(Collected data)

┌──

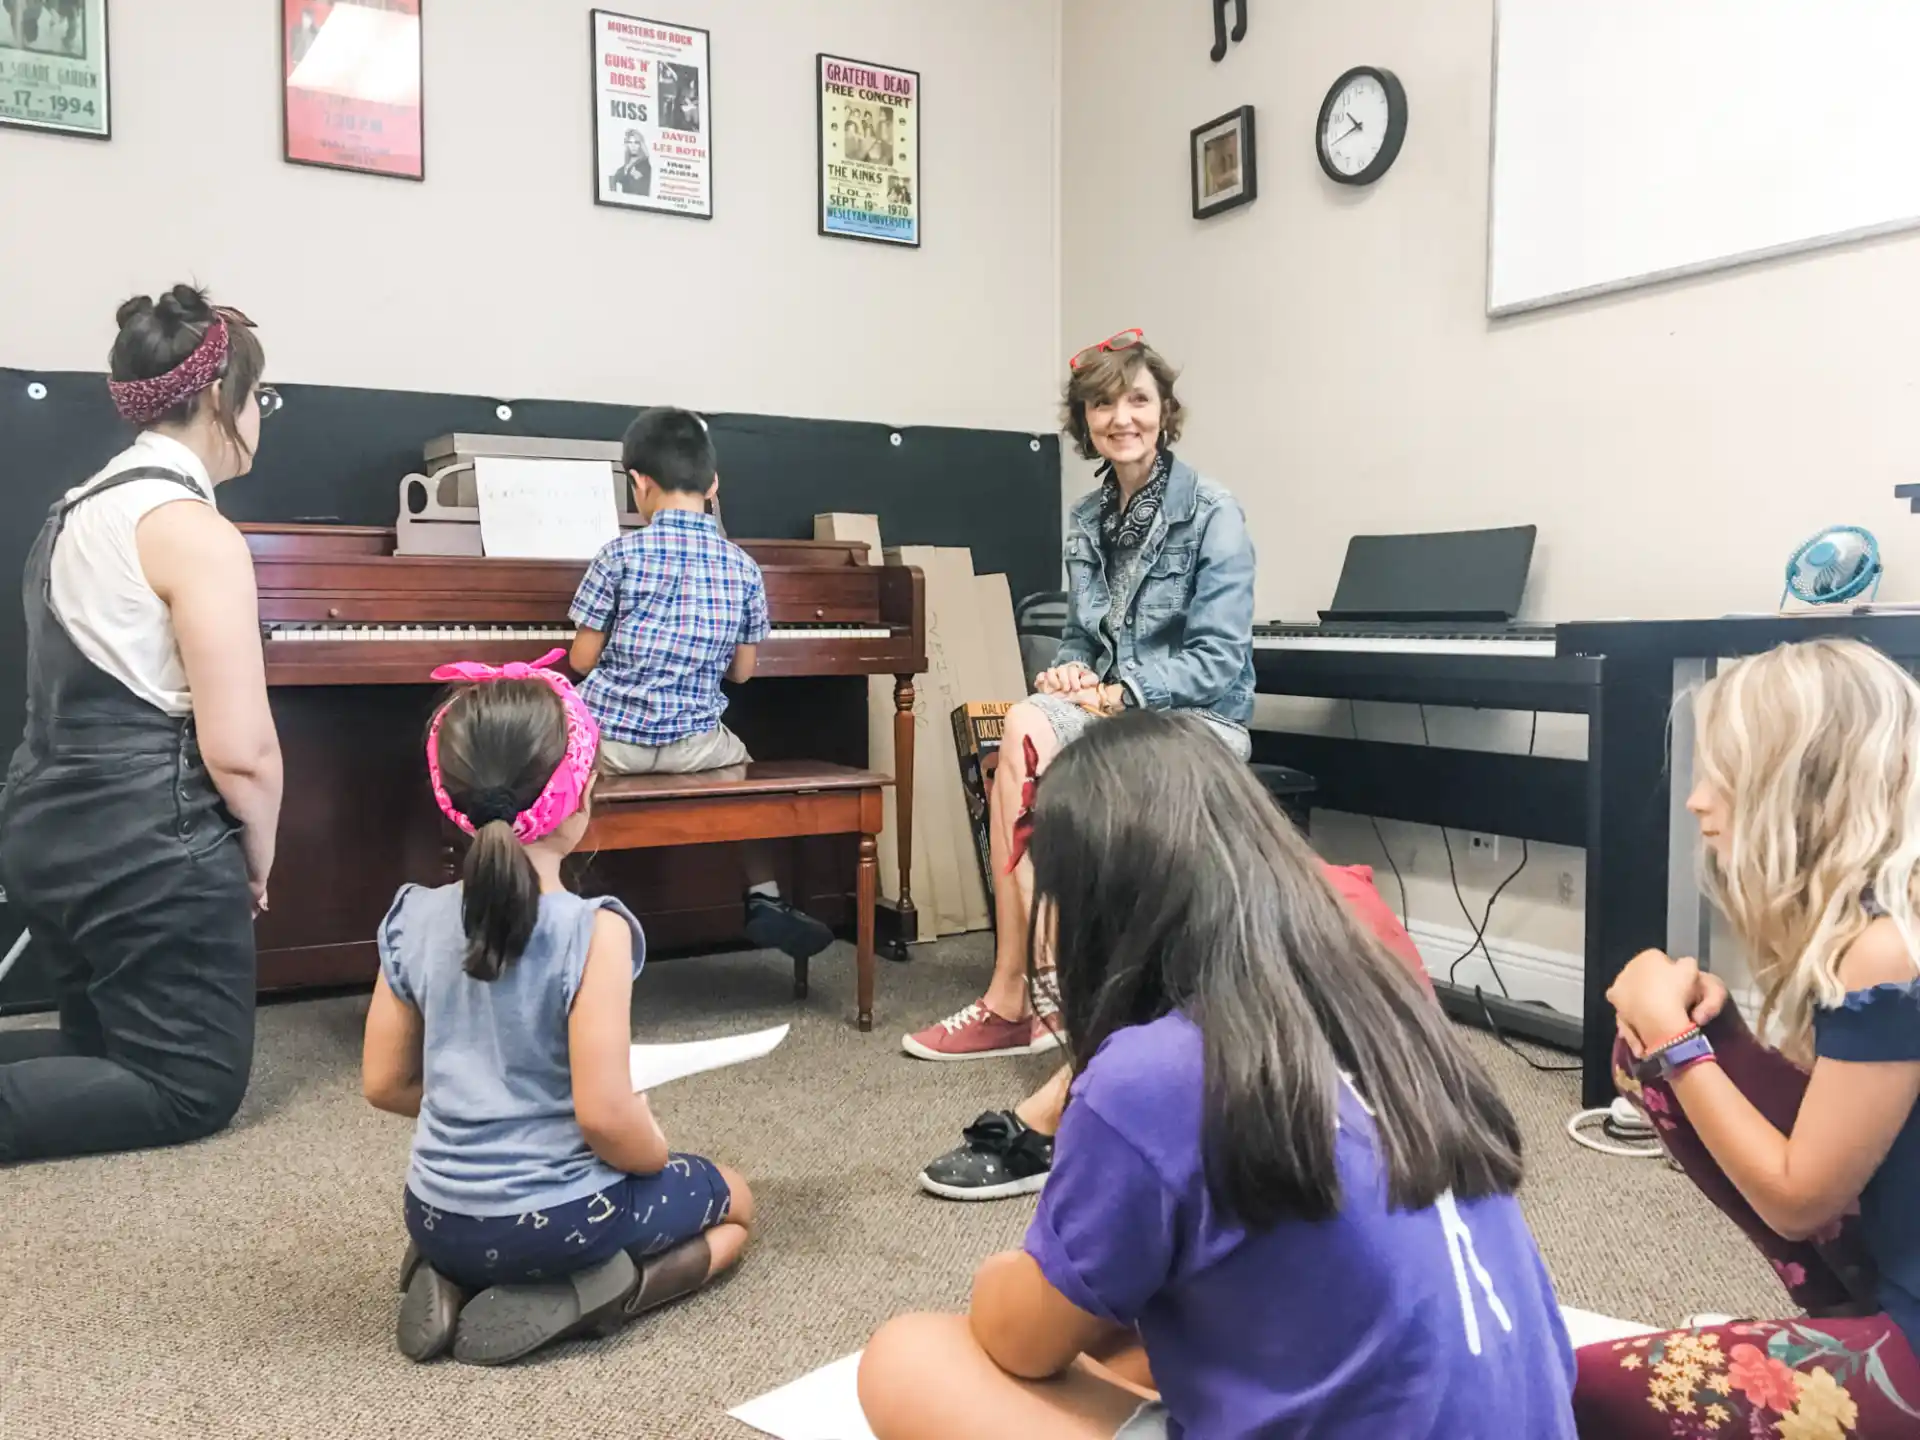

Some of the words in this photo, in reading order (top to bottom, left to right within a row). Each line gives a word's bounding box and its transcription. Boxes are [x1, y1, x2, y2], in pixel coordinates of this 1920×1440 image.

[607, 20, 656, 40] MONSTERS
[656, 31, 668, 41] OF
[669, 32, 693, 46] ROCK
[604, 53, 636, 71] GUNS
[610, 71, 646, 90] ROSES
[827, 63, 879, 90] GRATEFUL
[884, 74, 910, 96] DEAD
[14, 90, 31, 108] 17
[50, 95, 95, 117] 1994
[825, 82, 855, 98] FREE
[858, 88, 912, 109] CONCERT
[610, 99, 647, 122] KISS
[662, 131, 697, 144] DAVID
[653, 142, 673, 153] LEE
[828, 164, 847, 178] THE
[851, 168, 883, 184] KINKS
[888, 204, 909, 218] 1970
[981, 703, 999, 715] HAL
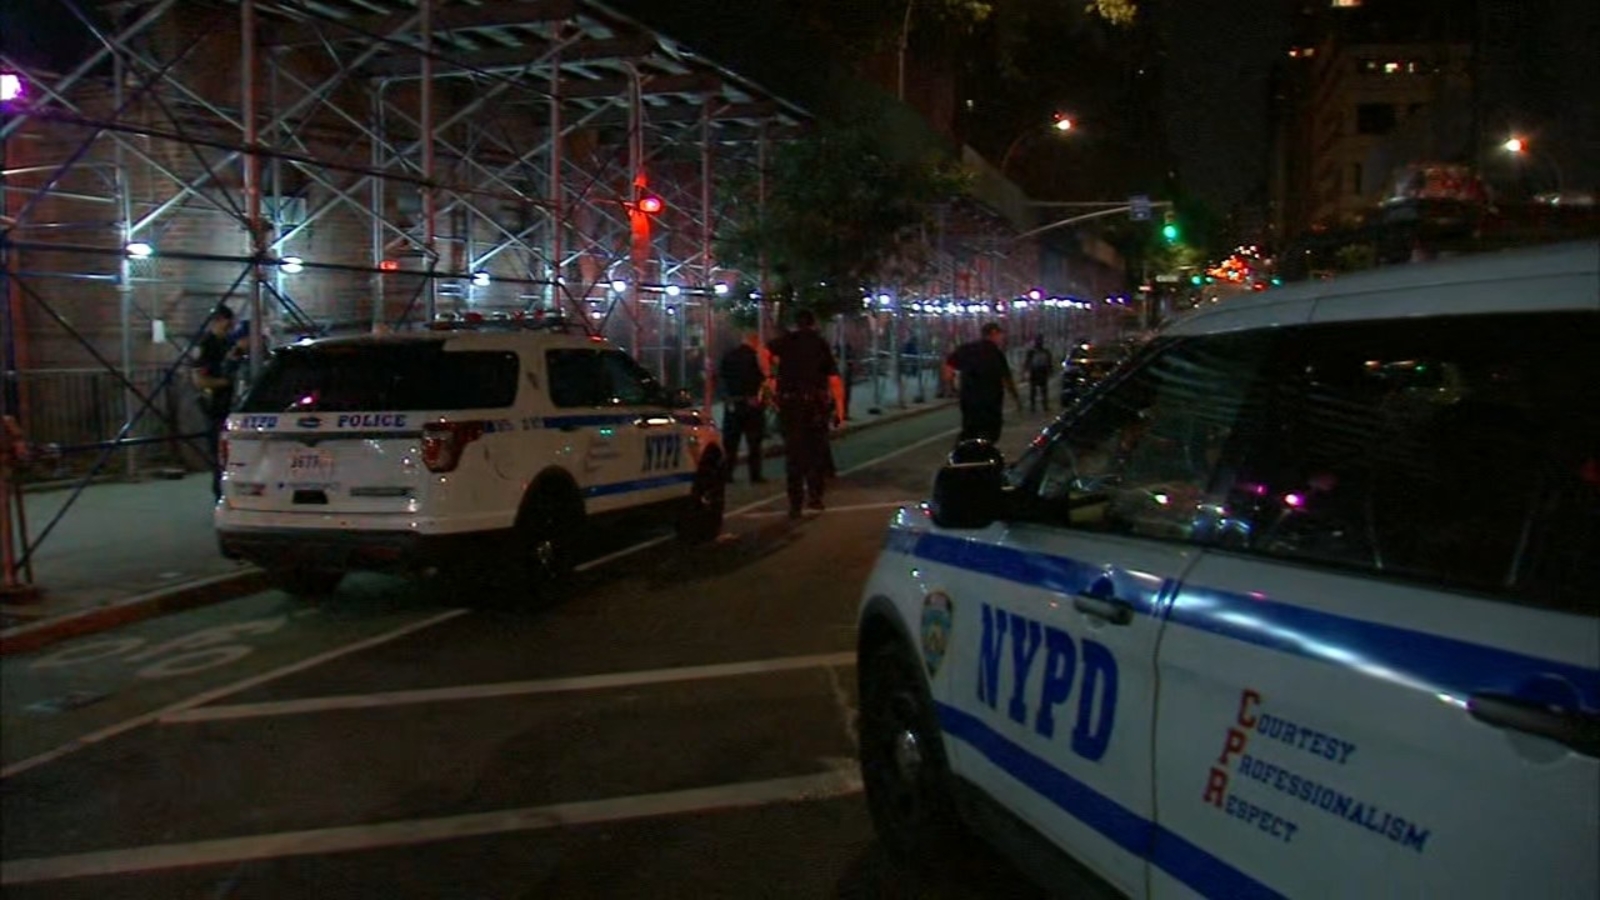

└──

What to produce: Please set down the lines above word for word and leave out the pictures.

Answer for the task:
Some of the words in this photo, in reading order (top to bottom, left to right within a row). Each line gives a word's bounding box and its transcription. Boxes are [x1, y1, x2, y2], in pixel coordinates of this 1920×1440 image.

[607, 20, 656, 40] MONSTERS
[656, 31, 668, 41] OF
[669, 32, 693, 46] ROCK
[604, 53, 636, 71] GUNS
[610, 71, 646, 90] ROSES
[827, 63, 879, 90] GRATEFUL
[884, 74, 910, 96] DEAD
[14, 90, 31, 108] 17
[50, 95, 95, 117] 1994
[825, 82, 855, 98] FREE
[858, 88, 912, 109] CONCERT
[610, 99, 647, 122] KISS
[662, 131, 697, 144] DAVID
[653, 142, 673, 153] LEE
[828, 164, 847, 178] THE
[851, 168, 883, 184] KINKS
[888, 204, 909, 218] 1970
[981, 703, 999, 715] HAL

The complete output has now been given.